Sorry, I should have been more specific in OP. I need a function that can tell precisely if a point is located within a part’s geometry, rather than just vaguely within the area like Region3’s return.

Give this a shot.

function partIntersectsPoint(part, point)
	local delta = part.CFrame:pointToObjectSpace(point)
	delta = Vector3.new(math.abs(delta.X), math.abs(delta.Y), math.abs(delta.Z))
	local halfSize = part.Size / 2
	
	local inX = delta.X <= halfSize.X
	local inY = delta.Y <= halfSize.Y
	local inZ = delta.Z <= halfSize.Z
	
	return inX and inY and inZ
end

function getIntersectingParts(point)
	--construct a region representing a sizable area around our checking point
	local delta = Vector3.new(8, 8, 8)
	local region3 = Region3.new(point - delta, point + delta)
	
	--use the c++ acceleration to quickly find parts that could possibly be intersecting this point
	local parts = workspace:FindPartsInRegion3(region3)
	
	--test each of those parts using simple matrix mathematics
	local intersectingParts = {}
	for _, part in pairs(parts) do
		if partIntersectsPoint(part, point) then
			table.insert(intersectingParts, part)
		end
	end
	return intersectingParts
end

EDIT: If you’re looking for “is a point in a part’s geometry” and you want it to respect wedges, I could figure that out for you. Sphere’s pretty easy. The solution I posted above also solves that for cubes.

6 Likes

It’s not a reliable solution to hardcode every type of geometry. What are you going to do when you need intersection check with unions or mesh parts?

Okay, so this kind of thing may be possible, but it’s apparently non-trivial to expose to Lua. That being said, it’s not impossible. What you as the developers need to do in order to help me help you is provide me with a myriad of legitimate use cases for it. Then I can get the ball rolling on it.

For example: As a developer, I want to be able to determine if a player is currently inside of a CanCollide = false MeshPart or UnionOperation with respect to its physical decomposition.

I’ll be honest, I’m having trouble coming up with good use cases for this. Surprise me.

cc @Khanovich

I needed it specifically to determine if the player’s camera was inside something (for this), as well as for an ability in my game that allows players to shrink at will.
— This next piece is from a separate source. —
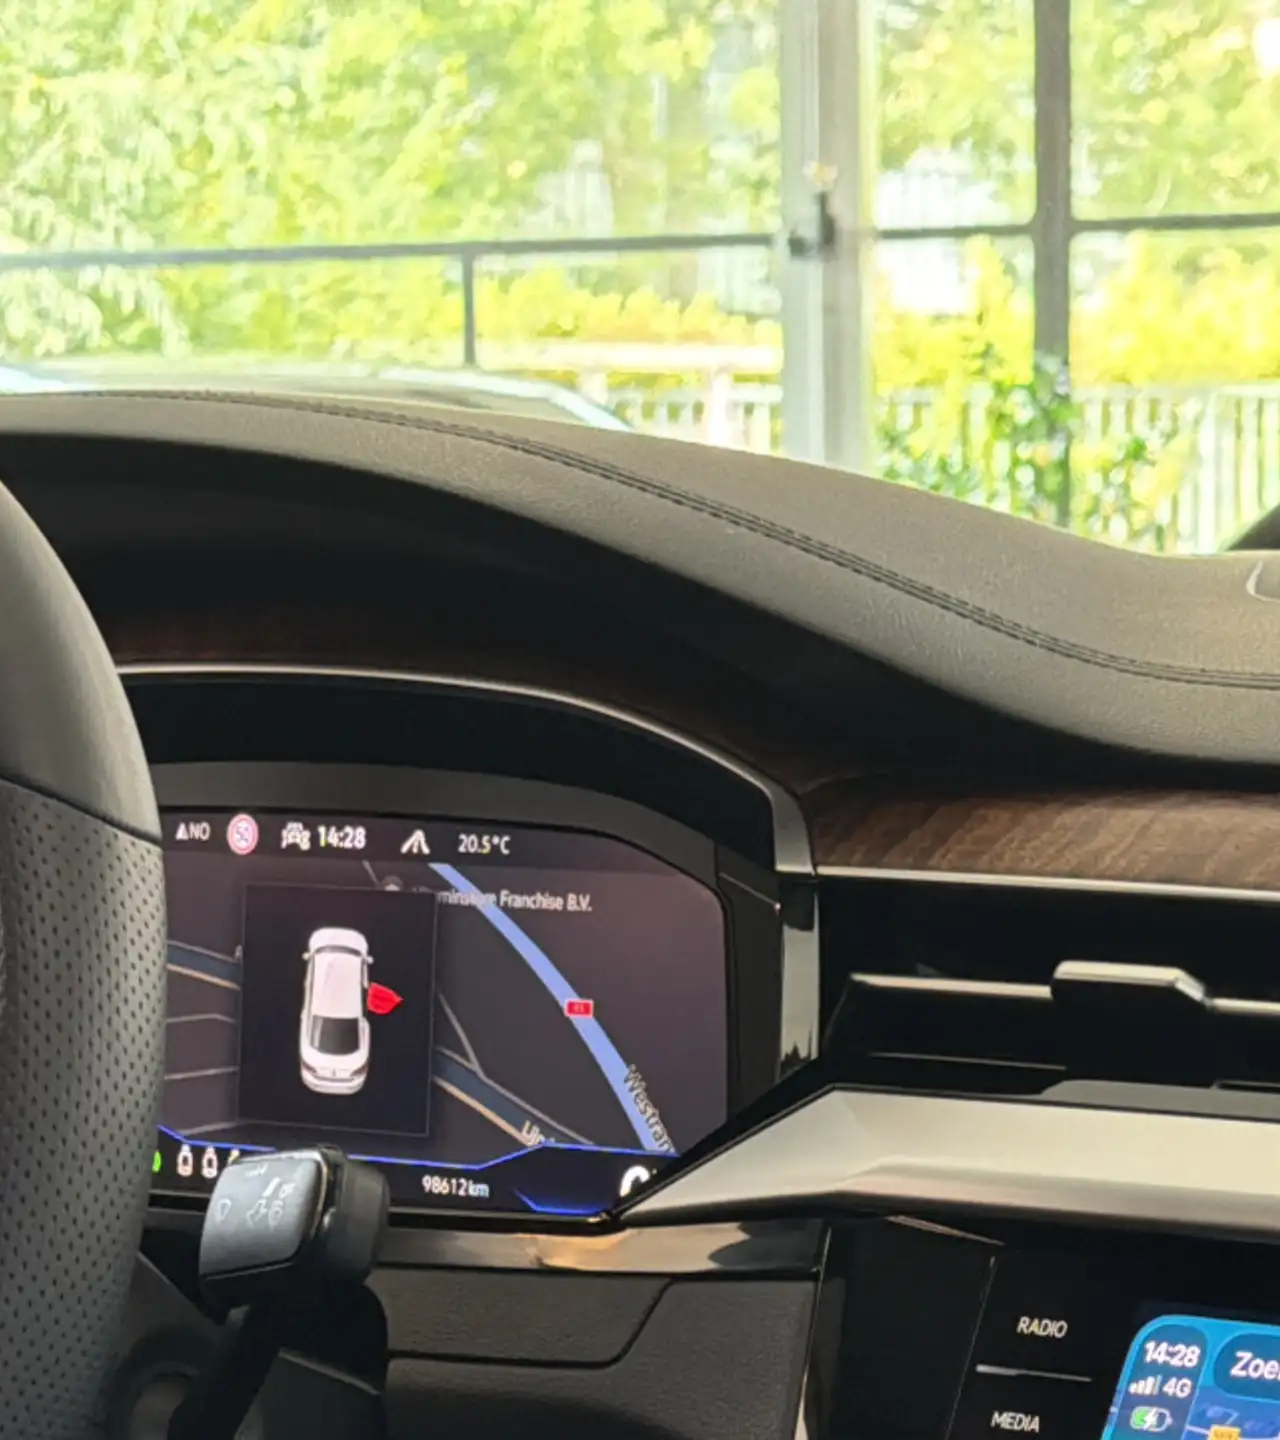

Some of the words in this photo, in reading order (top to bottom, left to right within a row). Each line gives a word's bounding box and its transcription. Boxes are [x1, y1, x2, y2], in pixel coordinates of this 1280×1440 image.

When they try to un-shrink, I could do a point test at where there torso would be when they un-shrunk, and then prevent them from shrinking if it’s occupied so they wouldn’t get stuck.
I also imagine it being relatively handy when coding custom player physics, but I don’t have any good examples. I’m sure other people can think of some more stuff.

That first use case is valid. The second one could/should be solved with GetTouchingParts. One is not going to cut it. Anyone else?

For Classic Build to Survive, I reimplemented the old hopperbin build tools to support FilteringEnabled. The tools need to be able to test various candidates for placement, which means being able to do easily 50 different collision checks in a single frame. The function I implemented was a test between an oriented bounding box against the world. To do that, I implemented separating axis theorem for oriented bounding boxes, and then used FindPartsInRegion3 as a broadphase. I think that should be built into roblox so that people can make polished in-game tools without having to write their own copy of roblox’s collision testers inside roblox.

6 Likes

Not necessarily with the second issue. I’d need to do a collision check in an area above the player. To use GetTouchingParts, I’d have to either A) unshrink the player, check, and then reshrink if there’s no room or B) create a new part above the player and do a check that way. Neither of those solutions are particularly ideal.